TASK STATEMENT:
Your answer must be an exact copy of the records below, minus the pictures.

AVAILABLE RECORDS:
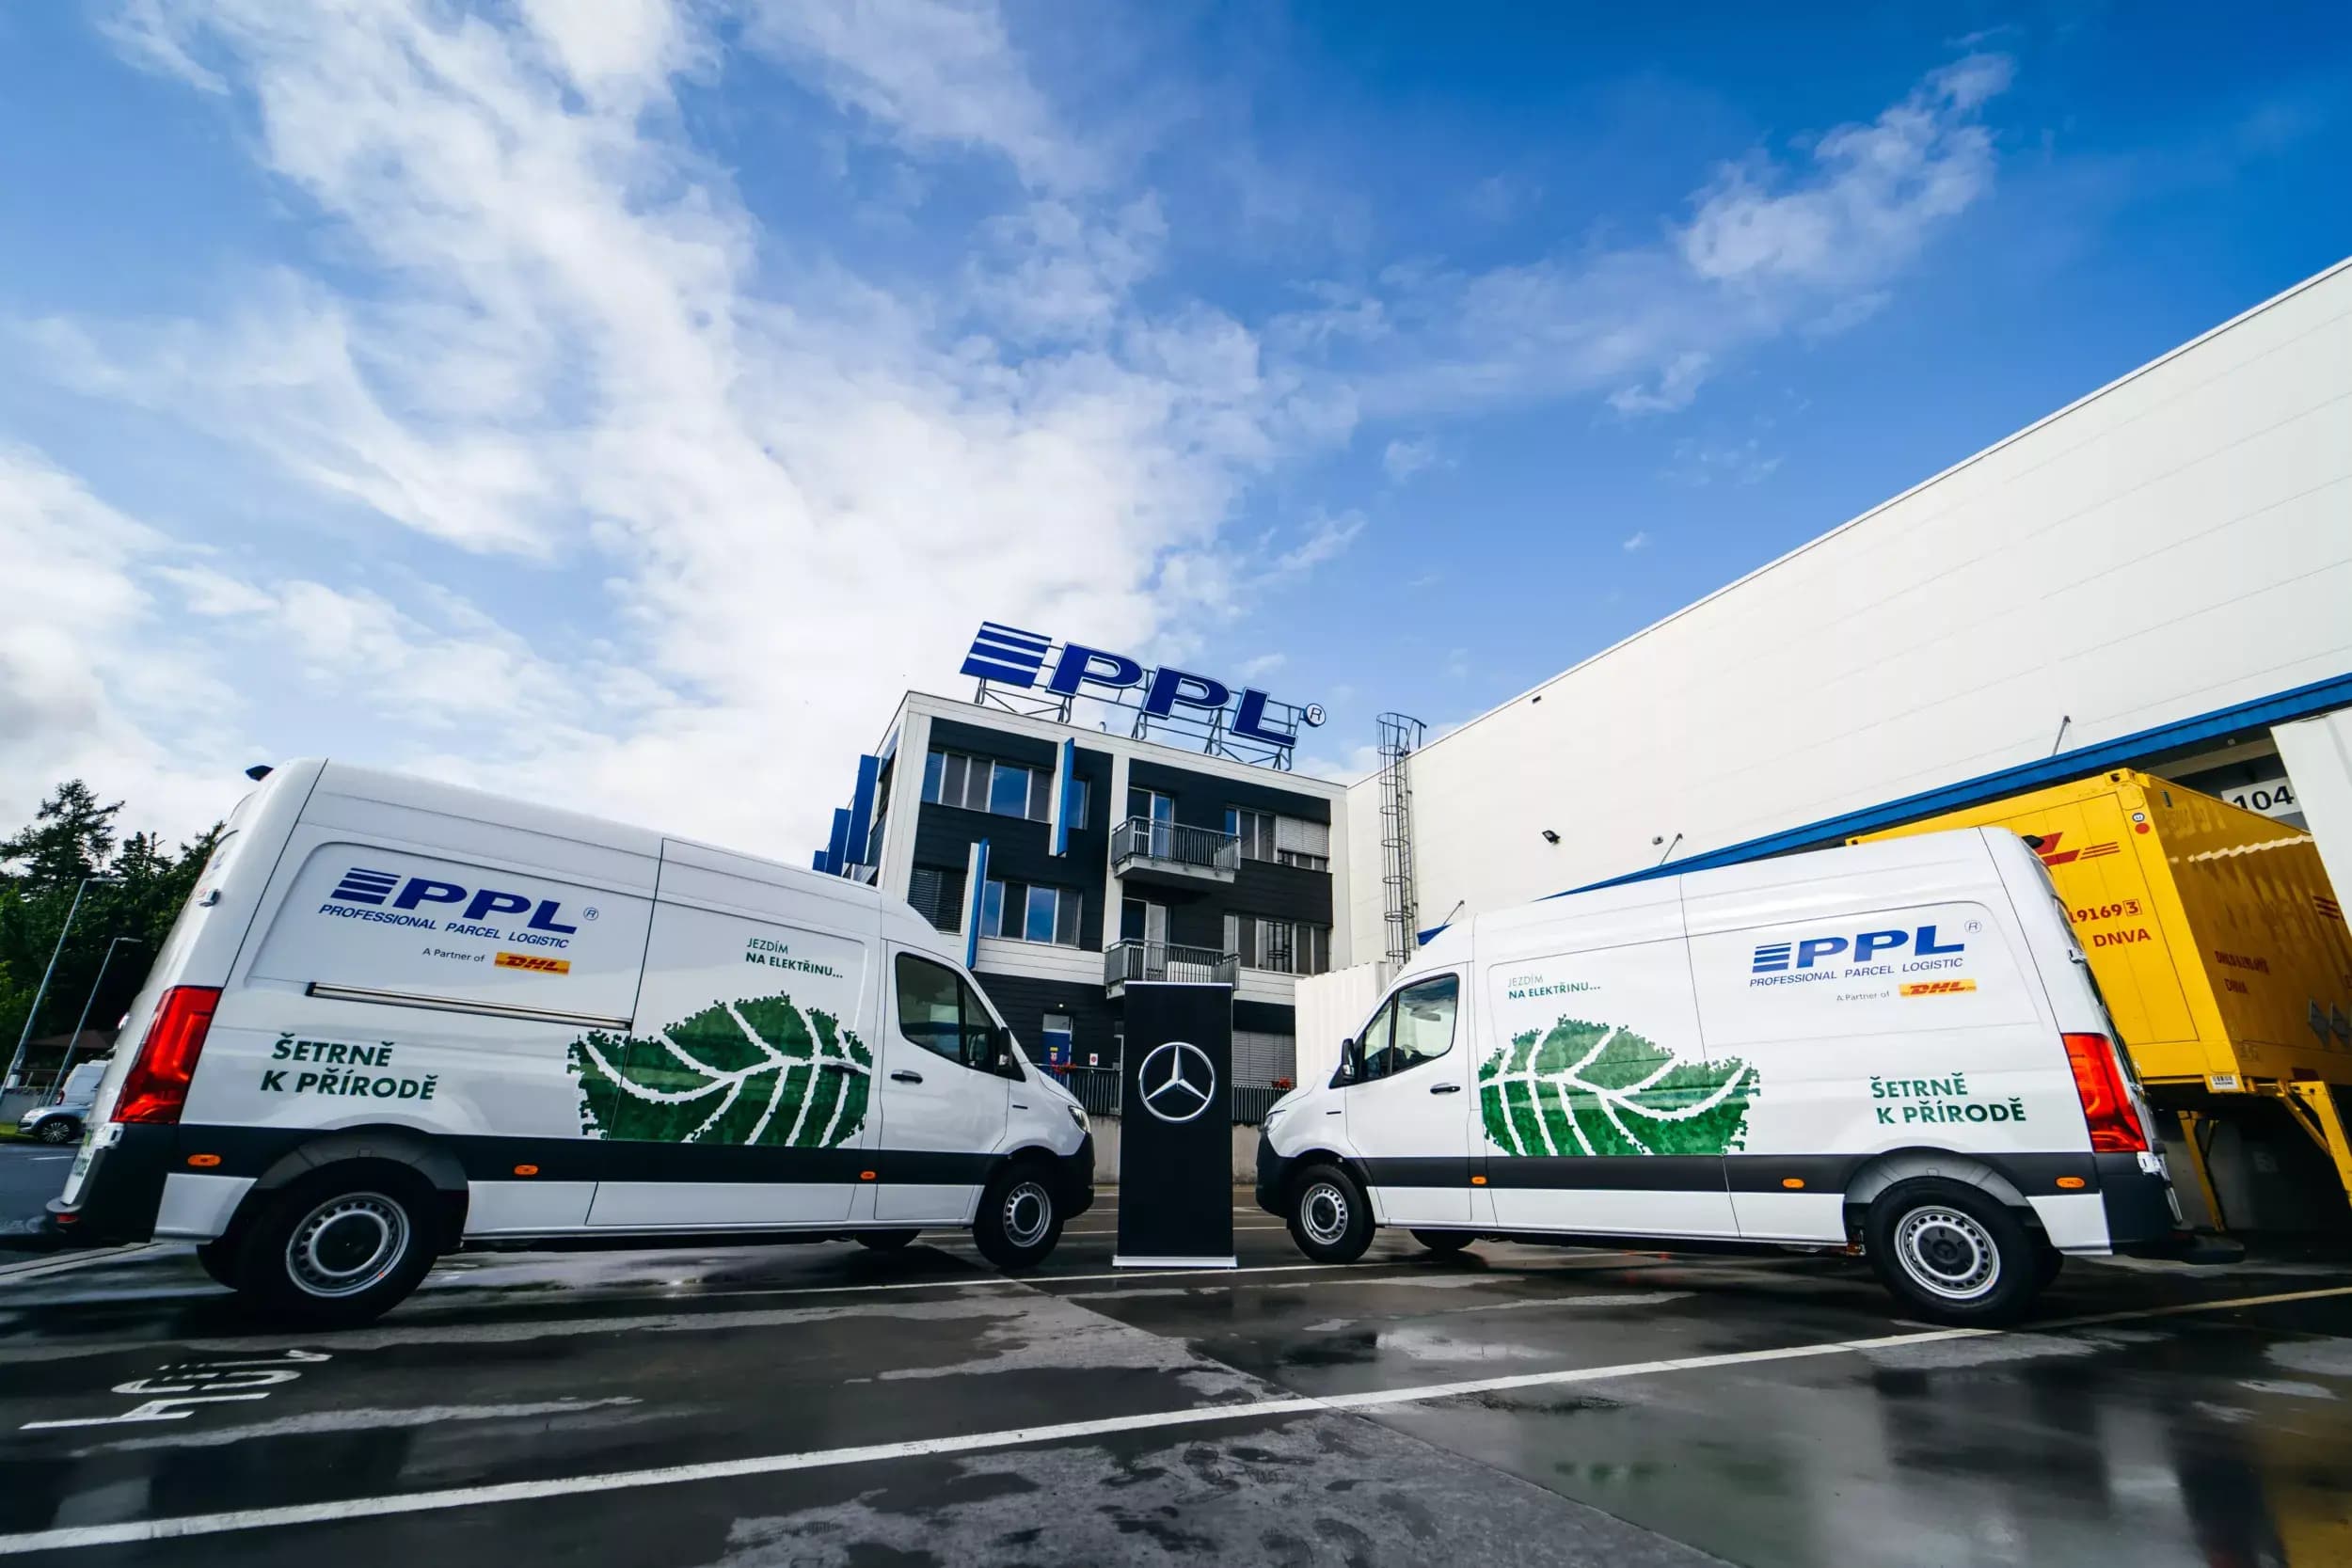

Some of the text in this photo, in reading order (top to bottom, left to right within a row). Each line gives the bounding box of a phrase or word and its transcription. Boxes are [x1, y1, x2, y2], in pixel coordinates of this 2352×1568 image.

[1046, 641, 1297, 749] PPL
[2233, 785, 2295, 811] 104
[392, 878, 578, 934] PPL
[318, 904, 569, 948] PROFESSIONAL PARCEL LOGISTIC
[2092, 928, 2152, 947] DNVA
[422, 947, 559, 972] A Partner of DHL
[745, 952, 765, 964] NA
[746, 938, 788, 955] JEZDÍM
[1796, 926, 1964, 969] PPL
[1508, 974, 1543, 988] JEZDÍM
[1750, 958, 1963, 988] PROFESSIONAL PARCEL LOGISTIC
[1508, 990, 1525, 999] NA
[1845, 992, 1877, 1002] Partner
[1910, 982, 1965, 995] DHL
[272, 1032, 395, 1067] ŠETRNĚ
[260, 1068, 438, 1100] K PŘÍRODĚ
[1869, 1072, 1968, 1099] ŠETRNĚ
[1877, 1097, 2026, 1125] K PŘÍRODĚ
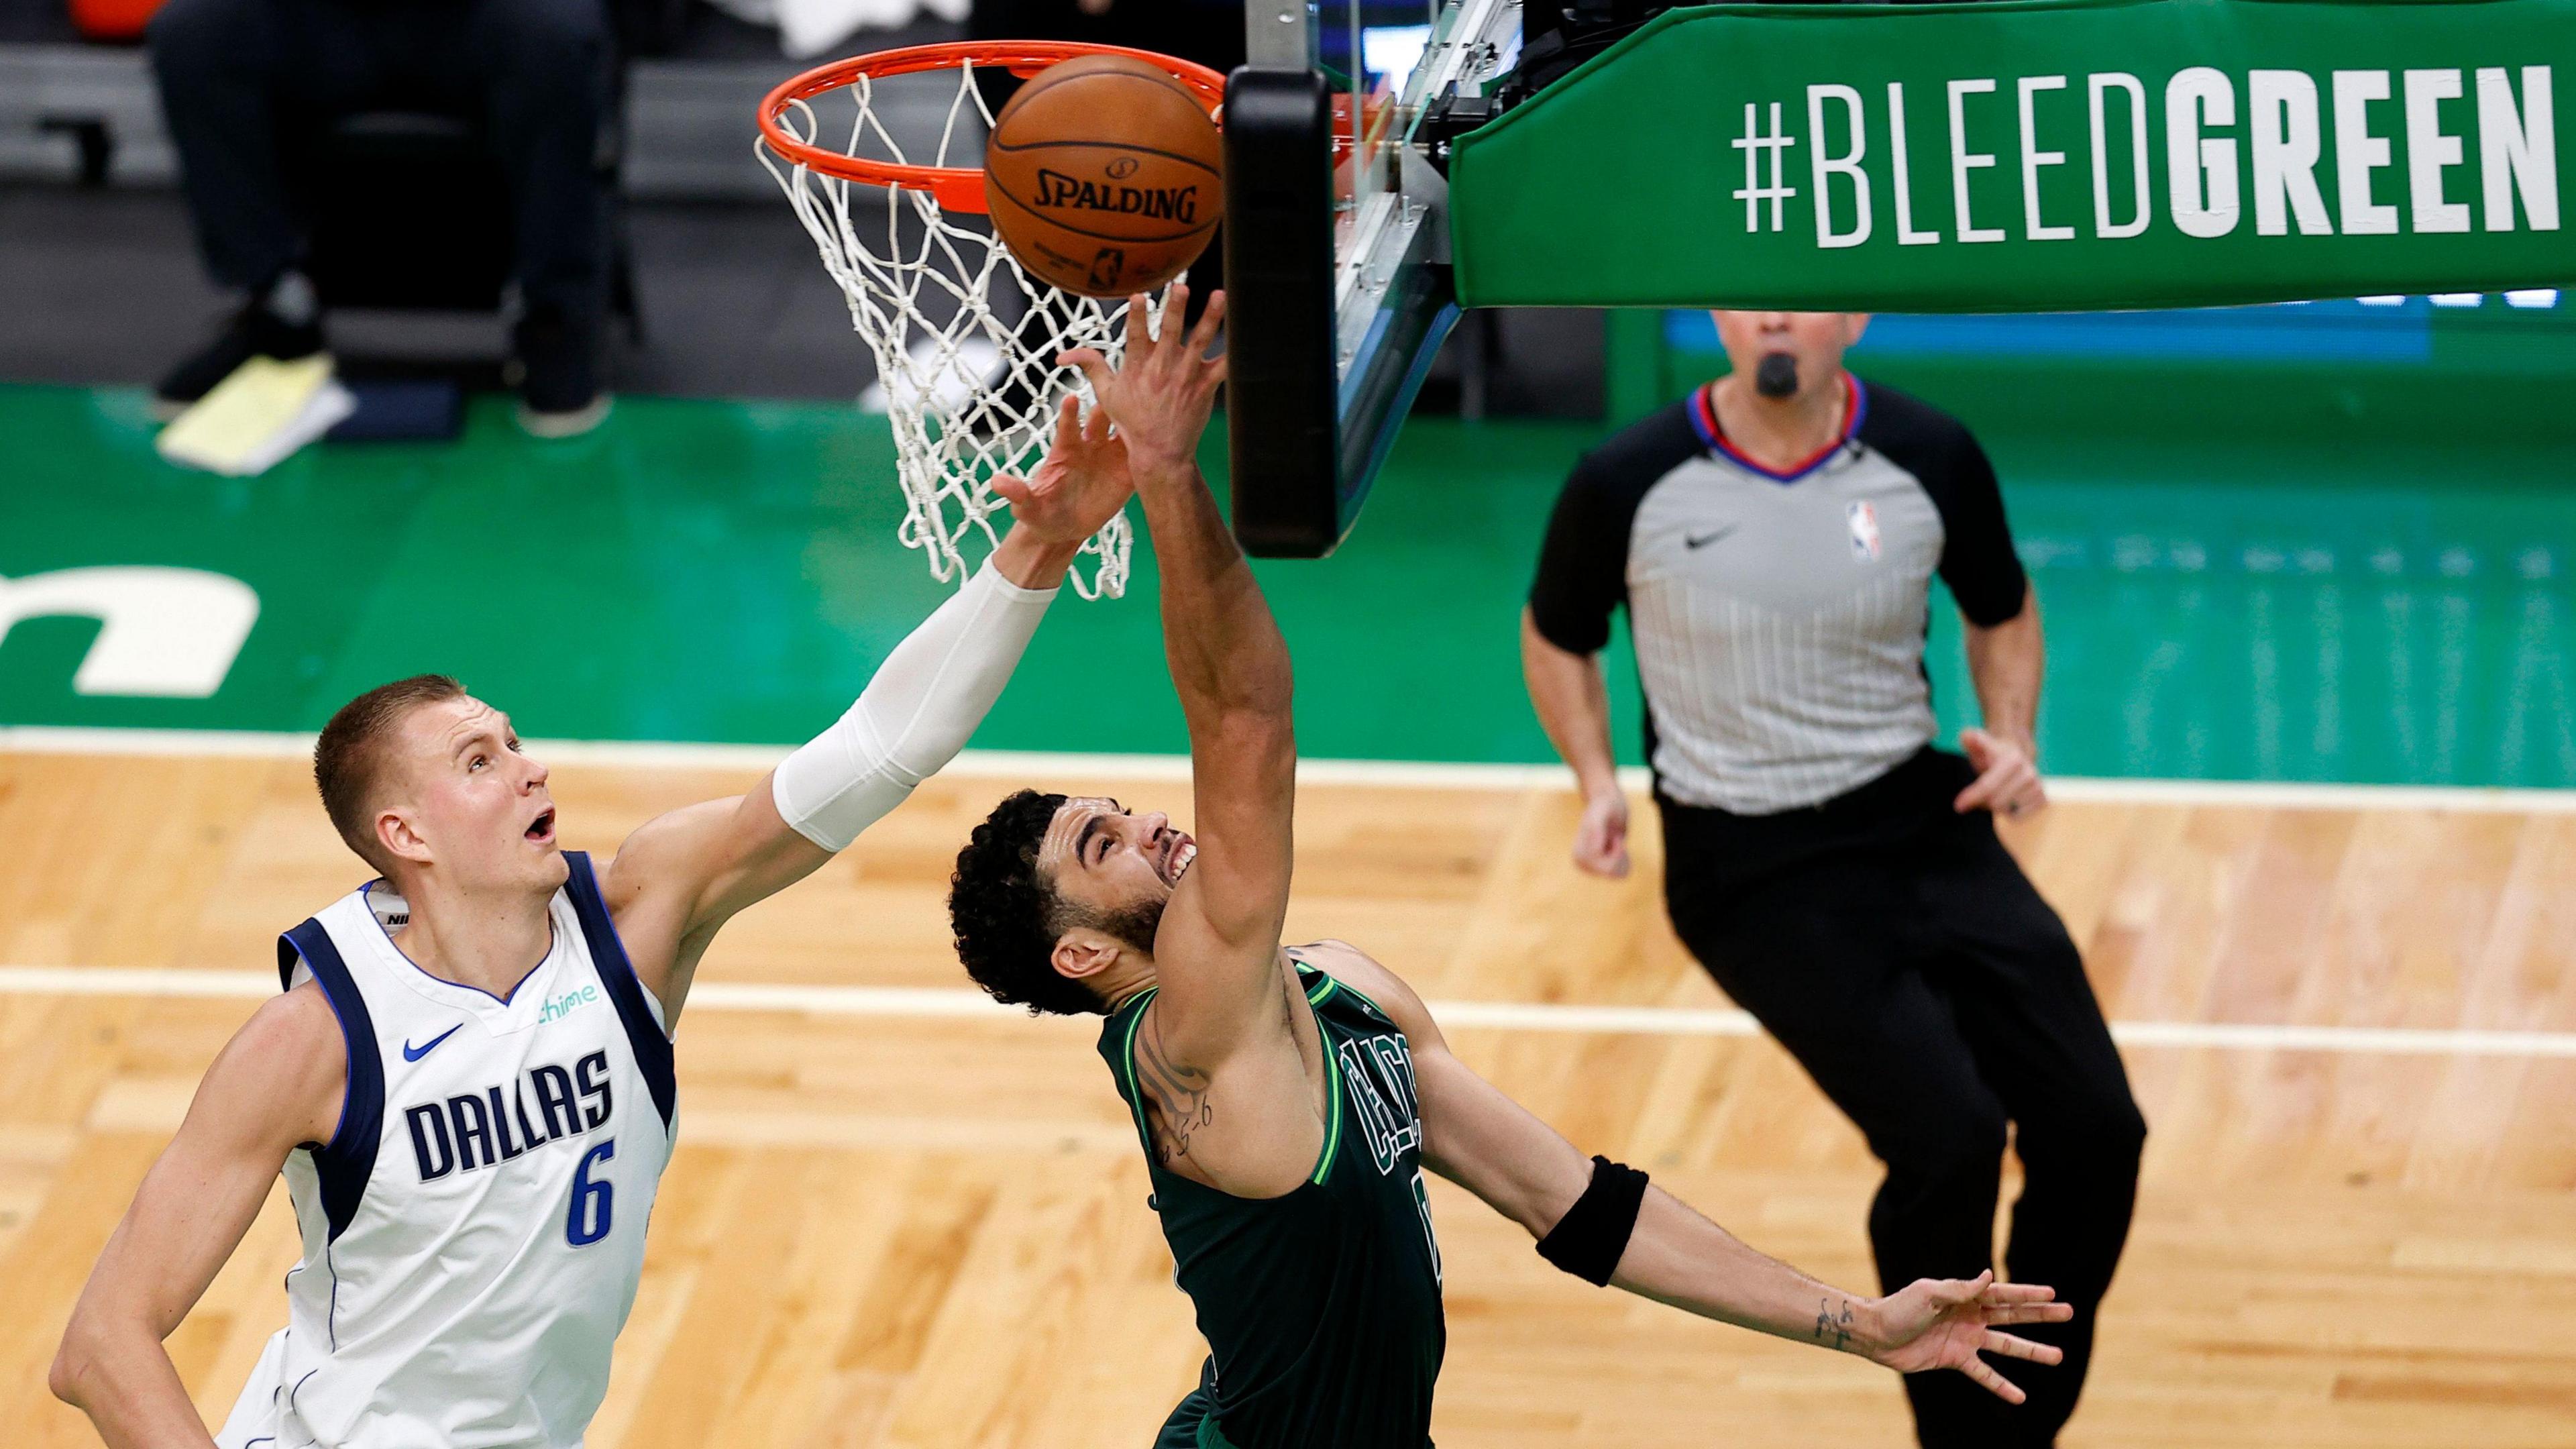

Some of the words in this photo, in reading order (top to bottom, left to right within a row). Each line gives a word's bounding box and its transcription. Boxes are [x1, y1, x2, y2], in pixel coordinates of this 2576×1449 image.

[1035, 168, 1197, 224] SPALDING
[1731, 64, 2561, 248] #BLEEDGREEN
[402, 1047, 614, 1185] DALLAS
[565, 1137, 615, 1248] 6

OUTPUT:
Some of the text in this photo, in reading order (top to bottom, left to right within a row). Each line gives the bounding box of a phrase or word and its transcription. Boxes are [x1, y1, x2, y2], in pixel coordinates of this 2352×1568 image.

[1046, 641, 1297, 749] PPL
[2233, 785, 2295, 811] 104
[392, 878, 578, 934] PPL
[318, 904, 569, 948] PROFESSIONAL PARCEL LOGISTIC
[2092, 928, 2152, 947] DNVA
[422, 947, 559, 972] A Partner of DHL
[745, 952, 765, 964] NA
[746, 938, 788, 955] JEZDÍM
[1796, 926, 1964, 969] PPL
[1508, 974, 1543, 988] JEZDÍM
[1750, 958, 1963, 988] PROFESSIONAL PARCEL LOGISTIC
[1508, 990, 1525, 999] NA
[1845, 992, 1877, 1002] Partner
[1910, 982, 1965, 995] DHL
[272, 1032, 395, 1067] ŠETRNĚ
[260, 1068, 438, 1100] K PŘÍRODĚ
[1869, 1072, 1968, 1099] ŠETRNĚ
[1877, 1097, 2026, 1125] K PŘÍRODĚ

Some of the words in this photo, in reading order (top to bottom, left to right within a row). Each line gives a word's bounding box and its transcription. Boxes are [x1, y1, x2, y2], in pixel coordinates of this 2576×1449 image.

[1035, 168, 1197, 224] SPALDING
[1731, 64, 2561, 248] #BLEEDGREEN
[402, 1047, 614, 1185] DALLAS
[565, 1137, 615, 1248] 6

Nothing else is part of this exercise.